Task item -
Exact transcription with no images: write out all of the entries below.

Data supplied -

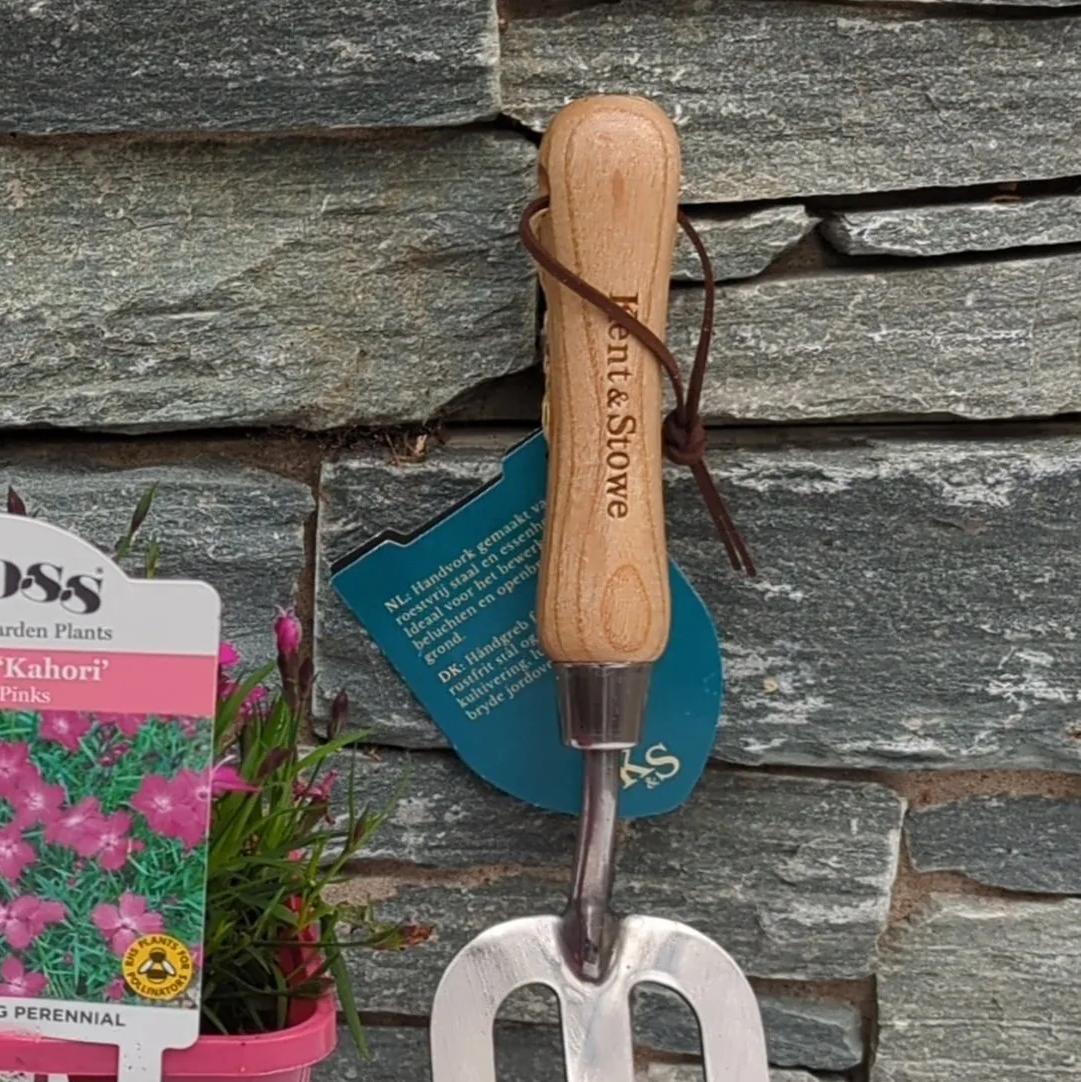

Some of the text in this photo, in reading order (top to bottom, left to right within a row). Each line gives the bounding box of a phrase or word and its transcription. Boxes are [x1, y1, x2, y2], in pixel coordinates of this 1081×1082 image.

[607, 387, 629, 408] &
[606, 413, 637, 519] Stowe
[384, 593, 412, 613] NL:
[410, 548, 476, 596] Handvork
[476, 510, 531, 555] gemaakt
[396, 585, 450, 626] roestvrij
[449, 564, 480, 590] staal
[481, 554, 499, 569] en
[403, 607, 444, 638] Ideaal
[444, 588, 475, 611] voor
[474, 572, 498, 591] het
[54, 623, 113, 640] Plants
[412, 605, 477, 650] beluchten
[478, 594, 496, 608] en
[438, 663, 466, 684] DK:
[449, 663, 495, 696] rustfrit
[0, 686, 51, 704] Pinks
[466, 694, 506, 721] bryde
[14, 1006, 126, 1027] PERENNIAL
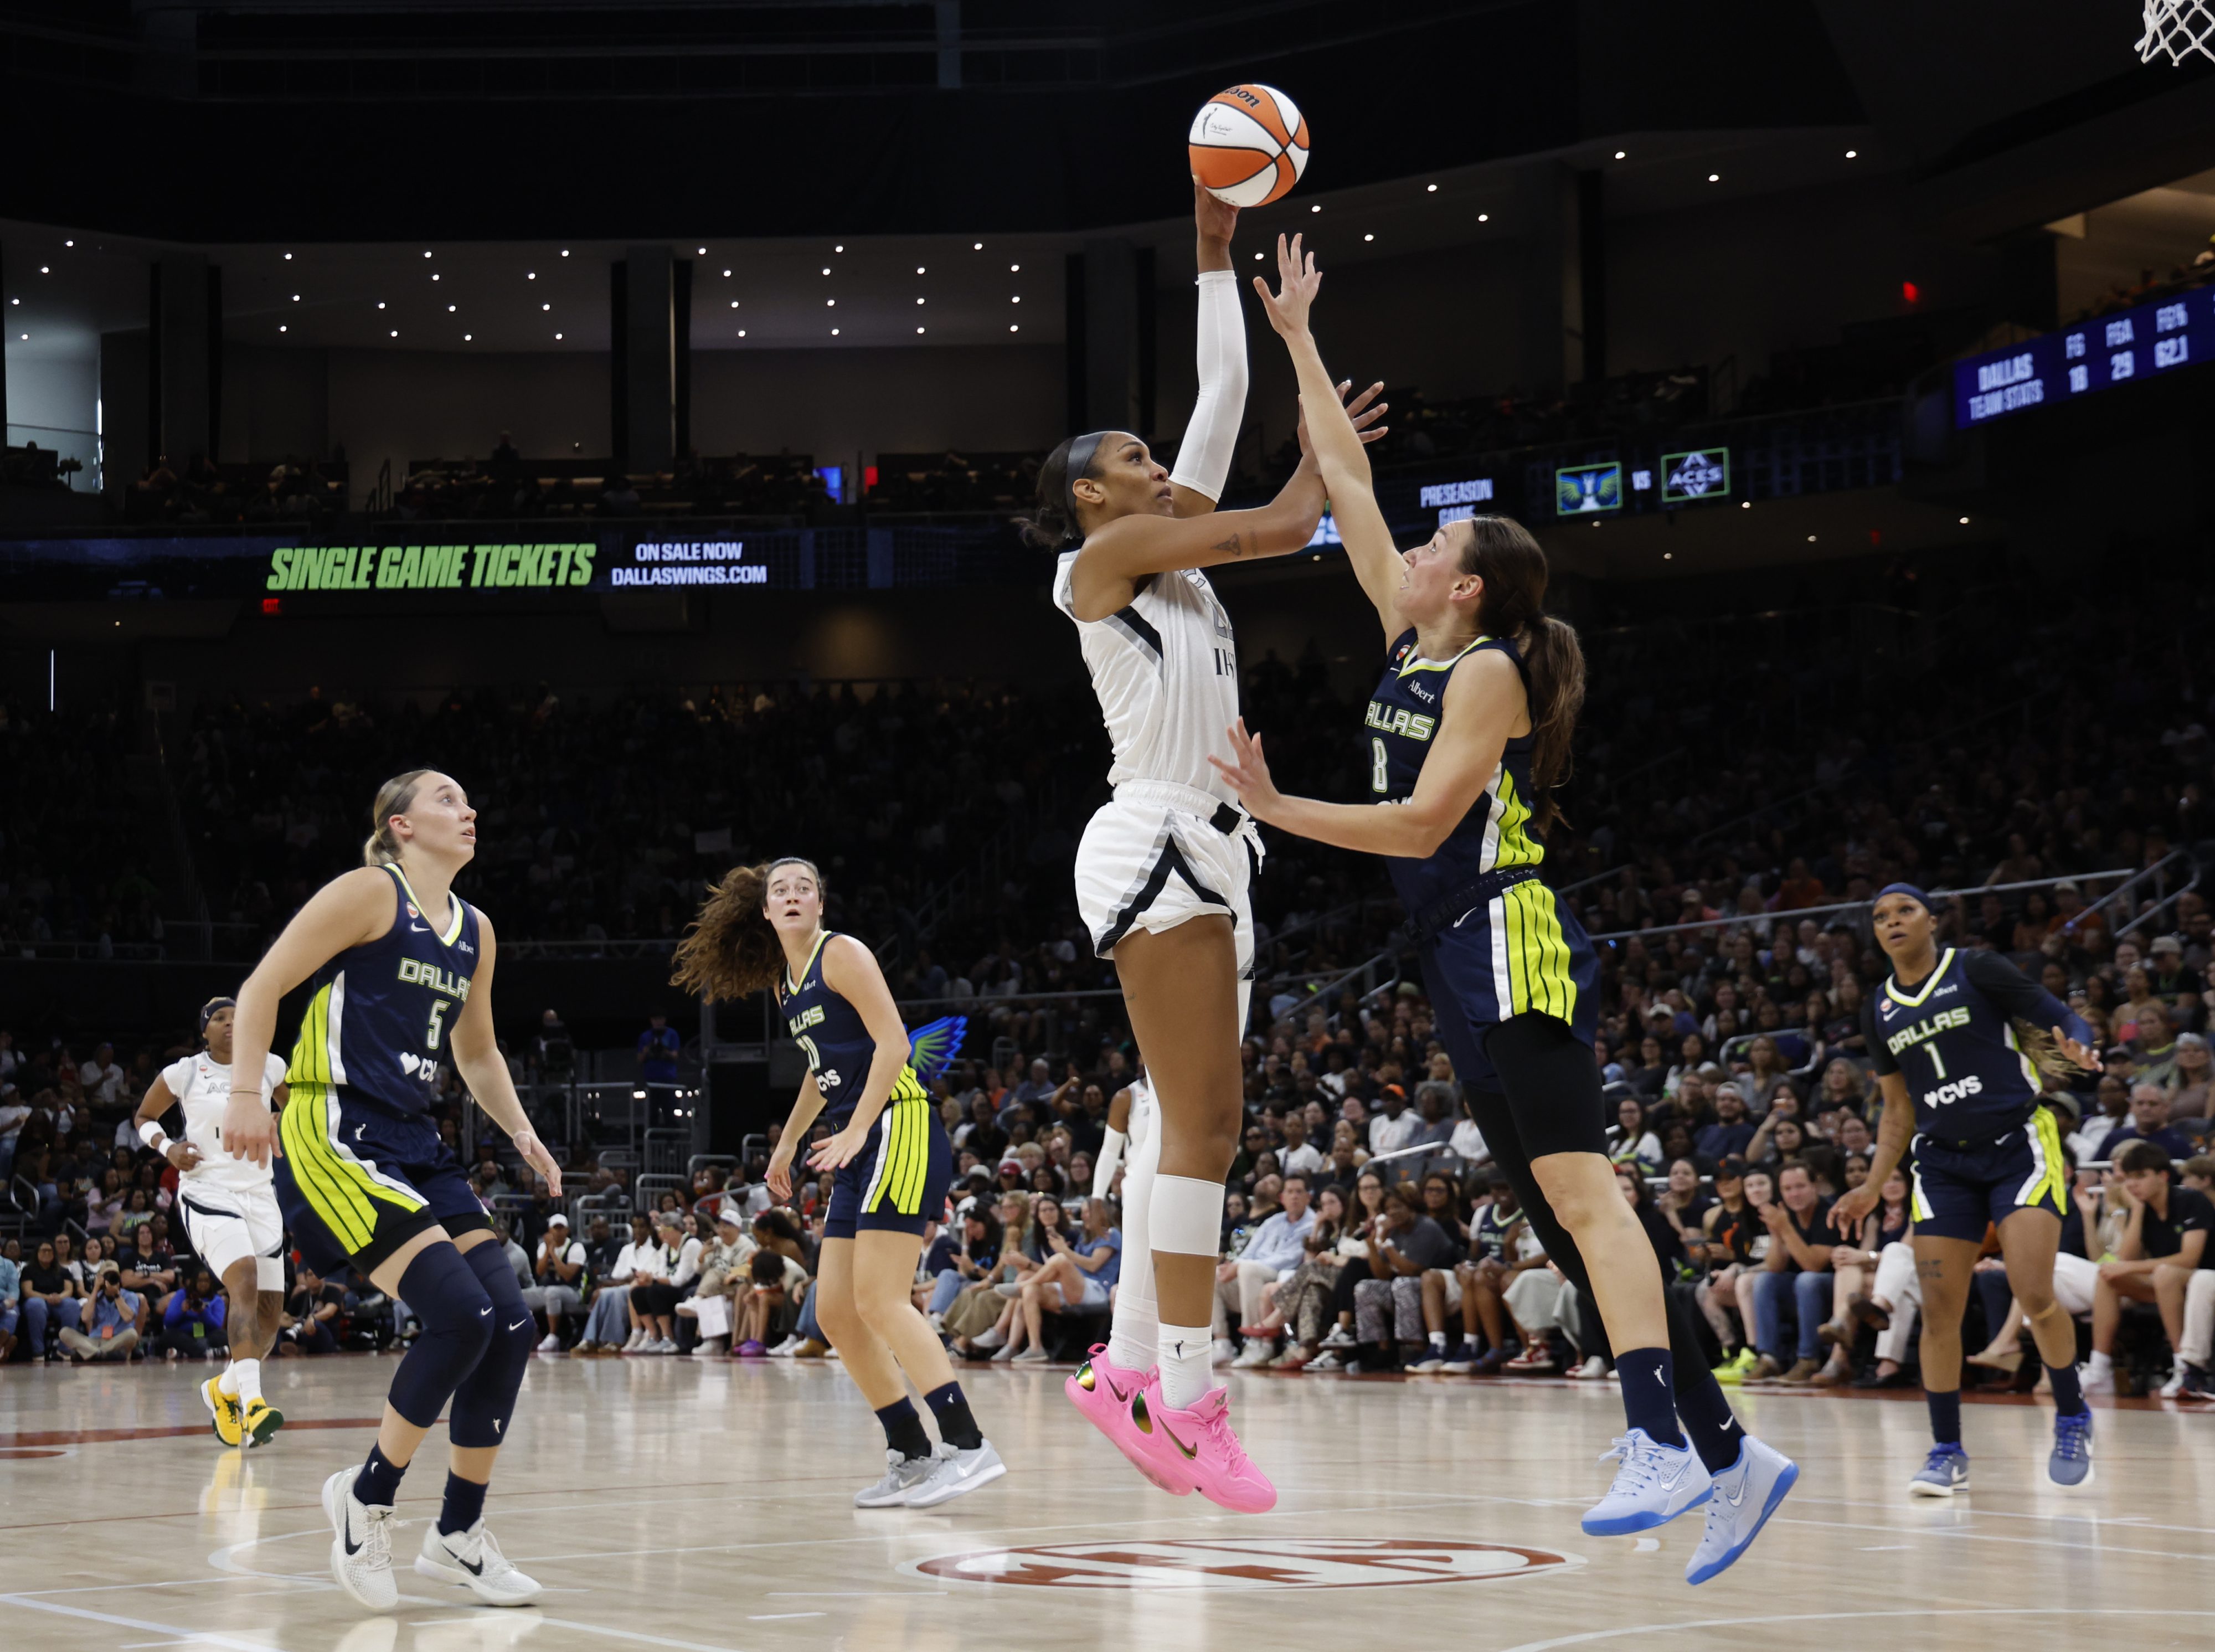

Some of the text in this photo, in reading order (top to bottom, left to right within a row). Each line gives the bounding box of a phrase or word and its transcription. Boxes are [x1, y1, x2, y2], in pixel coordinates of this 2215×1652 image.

[1221, 86, 1261, 109] son
[2065, 333, 2085, 359] FG
[1978, 353, 2033, 392] DALLAS
[2111, 351, 2134, 380] 29
[1969, 379, 2043, 420] TEAM STATS
[1632, 470, 1651, 491] VS
[1669, 466, 1722, 486] ACES
[1420, 478, 1493, 509] PRESEASON
[266, 543, 596, 590] SINGLE GAME TICKETS
[636, 542, 743, 562] ON SALE NOW
[611, 565, 767, 586] DALLASWINGS.COM
[1408, 680, 1435, 704] Albert
[1364, 701, 1435, 741] ALLAS
[1372, 737, 1388, 793] 8
[458, 940, 475, 955] Alber
[427, 999, 451, 1050] 5
[789, 1005, 826, 1037] ALLAS
[1887, 1006, 1971, 1056] DALLAS
[419, 1058, 437, 1082] CV
[1923, 1041, 1947, 1079] 1
[207, 1082, 230, 1095] AC
[816, 1069, 841, 1091] CVS
[1937, 1075, 1983, 1104] CVS
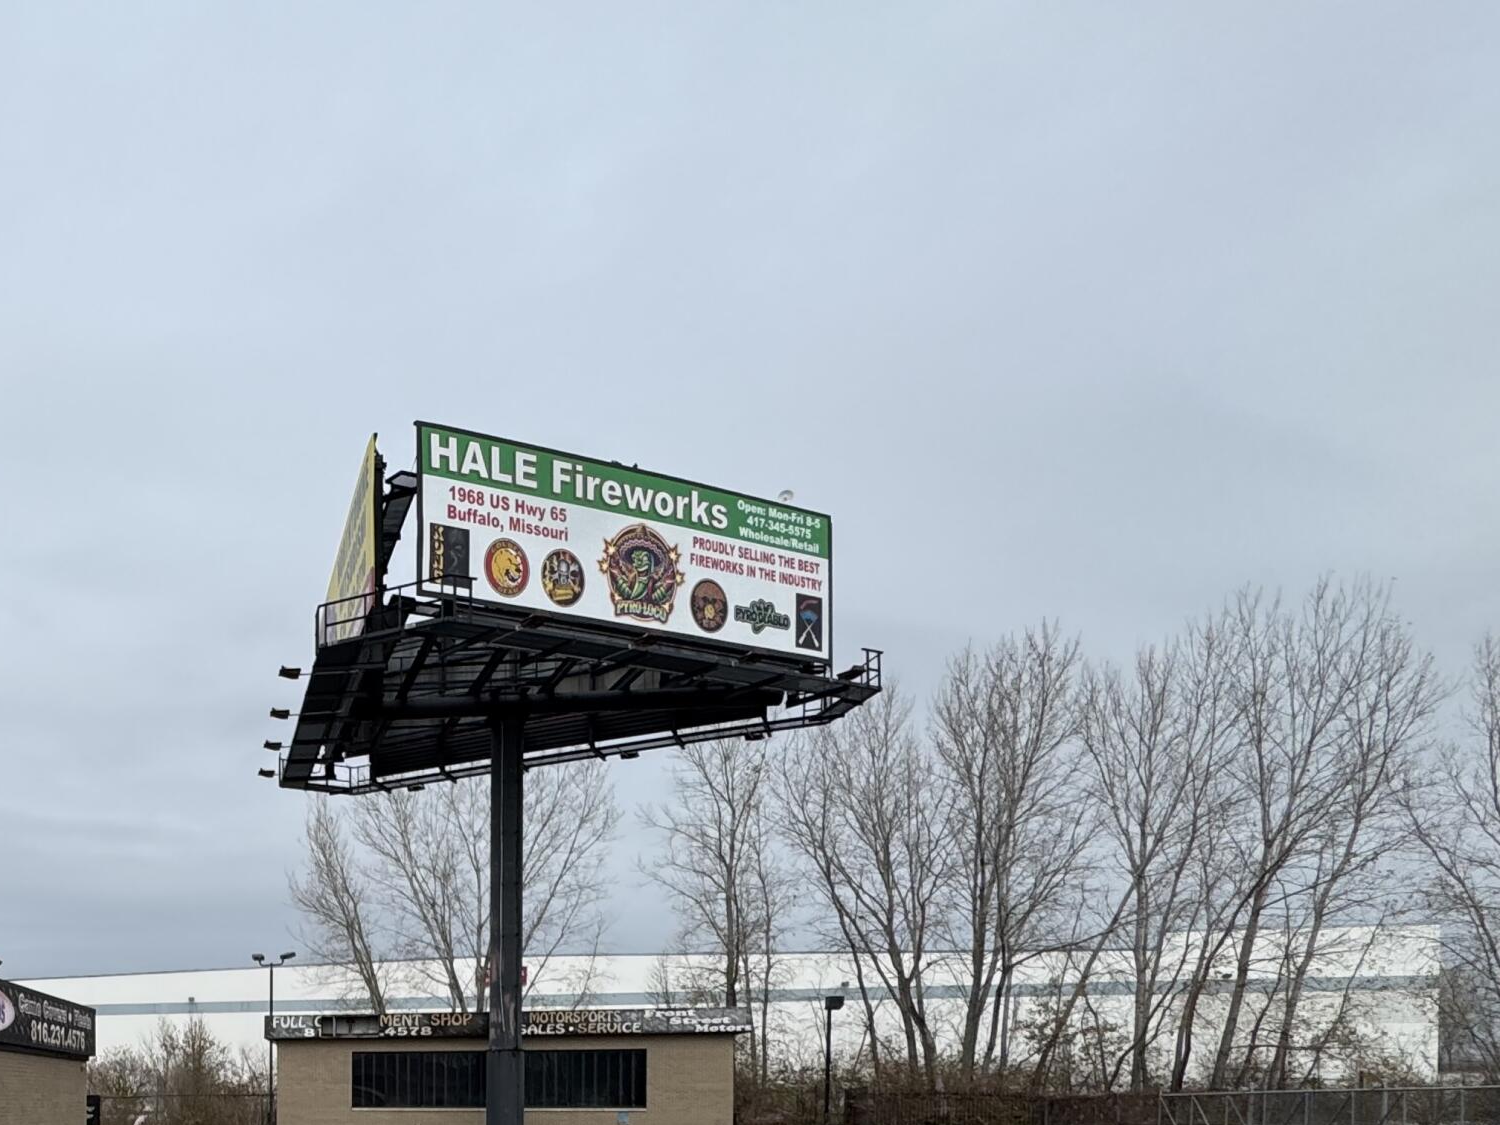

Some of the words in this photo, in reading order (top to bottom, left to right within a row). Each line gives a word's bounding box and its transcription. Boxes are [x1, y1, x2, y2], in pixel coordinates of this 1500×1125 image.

Result of the task -
Some of the text in this photo, in reading order (top to bottom, left to right within a row). Each line gives the bounding box of a phrase or word and its transcription. Boxes are [x1, y1, x2, y2], in pixel coordinates of this 1081×1082 image.

[607, 387, 629, 408] &
[606, 413, 637, 519] Stowe
[384, 593, 412, 613] NL:
[410, 548, 476, 596] Handvork
[476, 510, 531, 555] gemaakt
[396, 585, 450, 626] roestvrij
[449, 564, 480, 590] staal
[481, 554, 499, 569] en
[403, 607, 444, 638] Ideaal
[444, 588, 475, 611] voor
[474, 572, 498, 591] het
[54, 623, 113, 640] Plants
[412, 605, 477, 650] beluchten
[478, 594, 496, 608] en
[438, 663, 466, 684] DK:
[449, 663, 495, 696] rustfrit
[0, 686, 51, 704] Pinks
[466, 694, 506, 721] bryde
[14, 1006, 126, 1027] PERENNIAL

Some of the text in this photo, in reading order (top to bottom, left to right within a row). Each line gives the bounding box of a phrase or word and its transcription. Boxes are [x1, y1, x2, y2], in pixel coordinates of this 2215×1652 image.

[1221, 86, 1261, 109] son
[2065, 333, 2085, 359] FG
[1978, 353, 2033, 392] DALLAS
[2111, 351, 2134, 380] 29
[1969, 379, 2043, 420] TEAM STATS
[1632, 470, 1651, 491] VS
[1669, 466, 1722, 486] ACES
[1420, 478, 1493, 509] PRESEASON
[266, 543, 596, 590] SINGLE GAME TICKETS
[636, 542, 743, 562] ON SALE NOW
[611, 565, 767, 586] DALLASWINGS.COM
[1408, 680, 1435, 704] Albert
[1364, 701, 1435, 741] ALLAS
[1372, 737, 1388, 793] 8
[458, 940, 475, 955] Alber
[427, 999, 451, 1050] 5
[789, 1005, 826, 1037] ALLAS
[1887, 1006, 1971, 1056] DALLAS
[419, 1058, 437, 1082] CV
[1923, 1041, 1947, 1079] 1
[207, 1082, 230, 1095] AC
[816, 1069, 841, 1091] CVS
[1937, 1075, 1983, 1104] CVS

Some of the words in this photo, in reading order (top to bottom, left to right within a row). Each line gives a word's bounding box and its transcription. Boxes are [x1, y1, x2, y2], in pixel coordinates of this 1500×1125 image.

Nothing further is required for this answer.